Documentation Version 3.0

Corpus Linguistics and Morphology | Documentation Version 3.0

Documentation Version 3.0

Corpus pipeline

Extension of version 2.0 with nine additional texts:
Wie sich meniglich
Hortulus Sanitatis
Wund-Arztney
Thesaurus sanitatis
Mysterivm Sigillorvm
Die Einleitung zu der Kräuterkenntnis
Die Eigenschaften aller Heilpflanzen
Vorlesungen über Kräuterkunde
Flora der preussischen Rheinlande
You can find a complete list of all documents of this version in the download section.
Transcription and manual creation and correction of <dipl>, <clean> <norm>
Manual creation and correction of structural annotations and addition of content annotations; technical processing was facilitated by the Excel macros DeleteSpaces (Readme) and SearchAndMerge (Readme).
Tokenize, part-of-speech tag and lemmatize with TreeTagger. Please note: Quotation marks can cause errors and need to be masked. Furthermore empty lines will be deleted by the tree-tagger. Fill those lines with a random tag (e.g. <9>) and use the option -sgml while tagging. Lines that include tags will not be tagged and can be deleted afterwards.
Semi-automatic correction of part of speech in <pos_cor> with DECCA
Automatic creation of <clean_auto> (Python-Skript and Readme)
Automatic creation of <norm_auto> (Bollmann/Petran/Dipper 2011). The quality of the automatic normalisation, lemmatisation and part of speech annotation is not as good as in V2.0. Our dictionary and training corpus for use with the automatic script seems to be too small.
Export the merged corpus to ANNIS

Corpus design

For purposes of comparability, we try to select texts from one scientific discipline which is ideally represented in a similar fashion throughout the early modern era.
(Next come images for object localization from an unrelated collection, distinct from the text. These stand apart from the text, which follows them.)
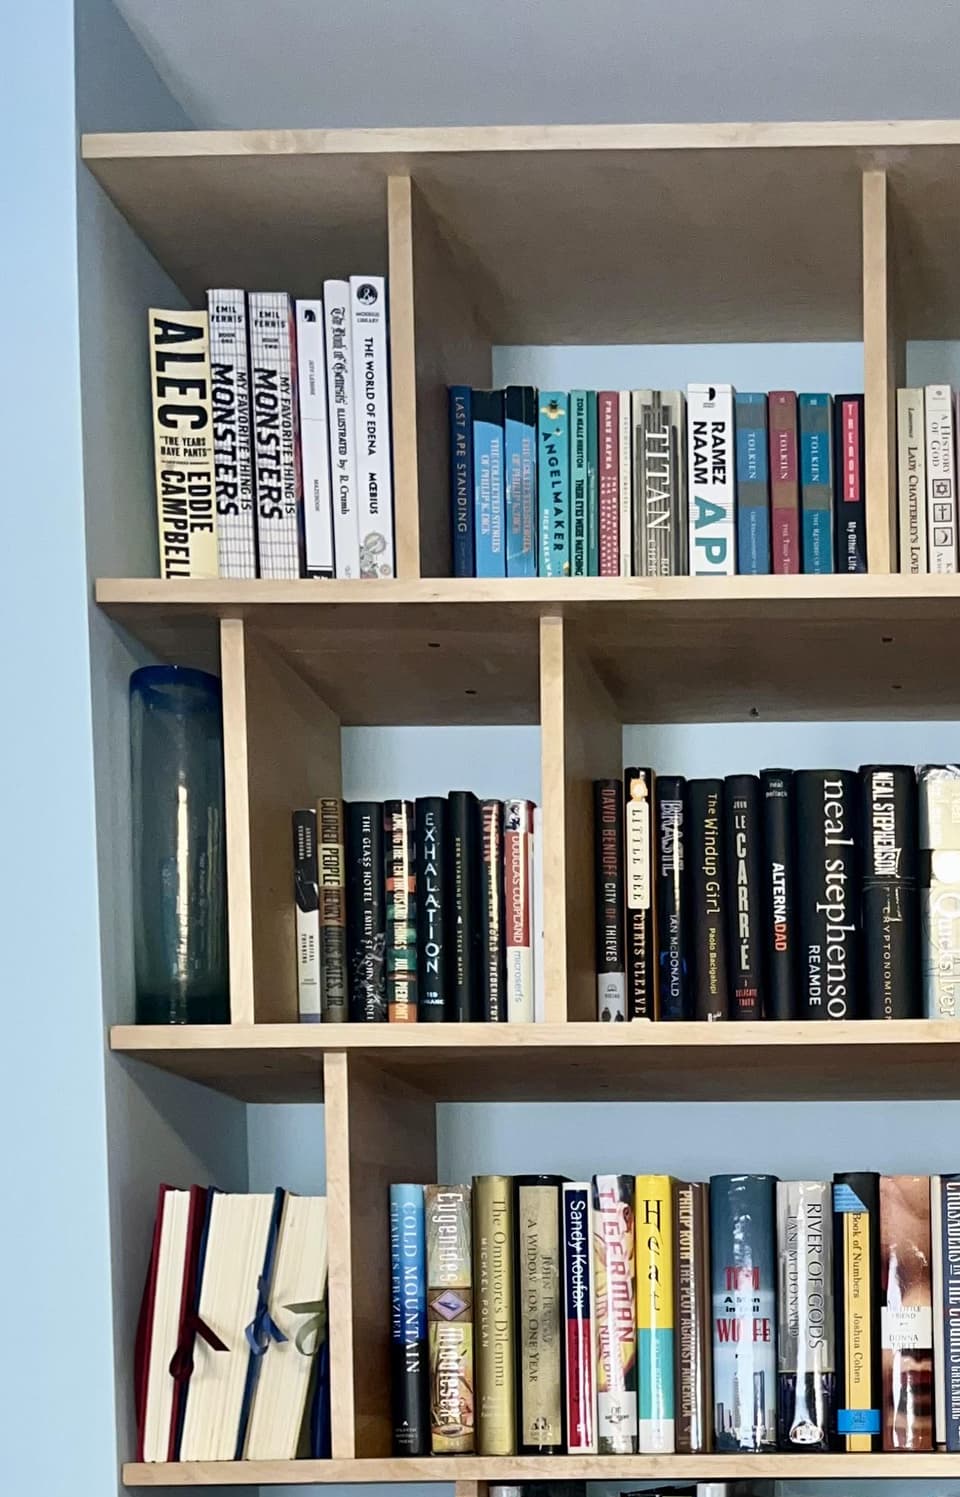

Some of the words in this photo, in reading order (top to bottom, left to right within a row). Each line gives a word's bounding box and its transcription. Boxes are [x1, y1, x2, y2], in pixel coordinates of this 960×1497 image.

[364, 337, 374, 358] THE
[154, 319, 207, 430] ALEC
[236, 371, 247, 388] MY
[365, 361, 375, 400] WORLD
[237, 391, 249, 453] FAVORITE
[366, 403, 376, 418] OF
[455, 397, 466, 426] LAST
[211, 363, 239, 516] MONSTERS
[367, 421, 376, 456] EDENA
[456, 433, 466, 456] APE
[693, 421, 707, 485] NAAM
[711, 421, 726, 485] RAMEZ
[747, 432, 756, 479] TOLKIEN
[188, 471, 212, 532] EDDIE
[240, 458, 250, 495] THING
[457, 464, 467, 533] STANDING
[542, 432, 565, 551] ANGELMAKER
[645, 425, 671, 532] TITAN
[161, 470, 190, 579] CAMPBELL
[242, 499, 251, 510] IS
[708, 794, 718, 815] The
[872, 772, 894, 800] NEAL
[824, 780, 853, 847] neal
[873, 803, 896, 875] STEPHENSON
[363, 837, 371, 867] GLASS
[702, 818, 718, 875] Windup
[363, 871, 371, 902] HOTEL
[424, 813, 441, 973] EXHALATION
[706, 881, 720, 914] Girl
[772, 863, 786, 951] ALTERNADAD
[816, 859, 855, 1020] stephenso
[809, 945, 820, 1006] REAMDE
[404, 1201, 417, 1256] COLD
[492, 1199, 506, 1226] The
[852, 1213, 861, 1237] Book
[853, 1241, 862, 1250] of
[492, 1231, 508, 1314] Omnivore's
[853, 1252, 863, 1298] Numbers
[405, 1265, 420, 1373] MOUNTAIN
[853, 1313, 863, 1349] Joshua
[494, 1320, 508, 1387] Dilemma
[854, 1352, 863, 1383] Cohen
For the first RIDGES corpus we have selected the domain of herbology (Kräuterkunde). The timespan of interest has originally been divided into 30 year periods. Texts vary somewhat in length since older text is more difficult to annotate. Each document is typically between 4000 and 10000 tokens long. New texts were added in version 3, reducing the timespan of periods.

Annotation layers

The RIDGES corpora follow a multi-layer design. Annotation layers can be roughly divided into five kinds:

Transcription/normalisation
Linguistic annotations
Structural annotations
Content annotation
Metadata

Transcription/normalisation

These annotations always apply to exactly one token. Part-of-speech annotation and lemmatization were carried out with TreeTagger and corrected manually.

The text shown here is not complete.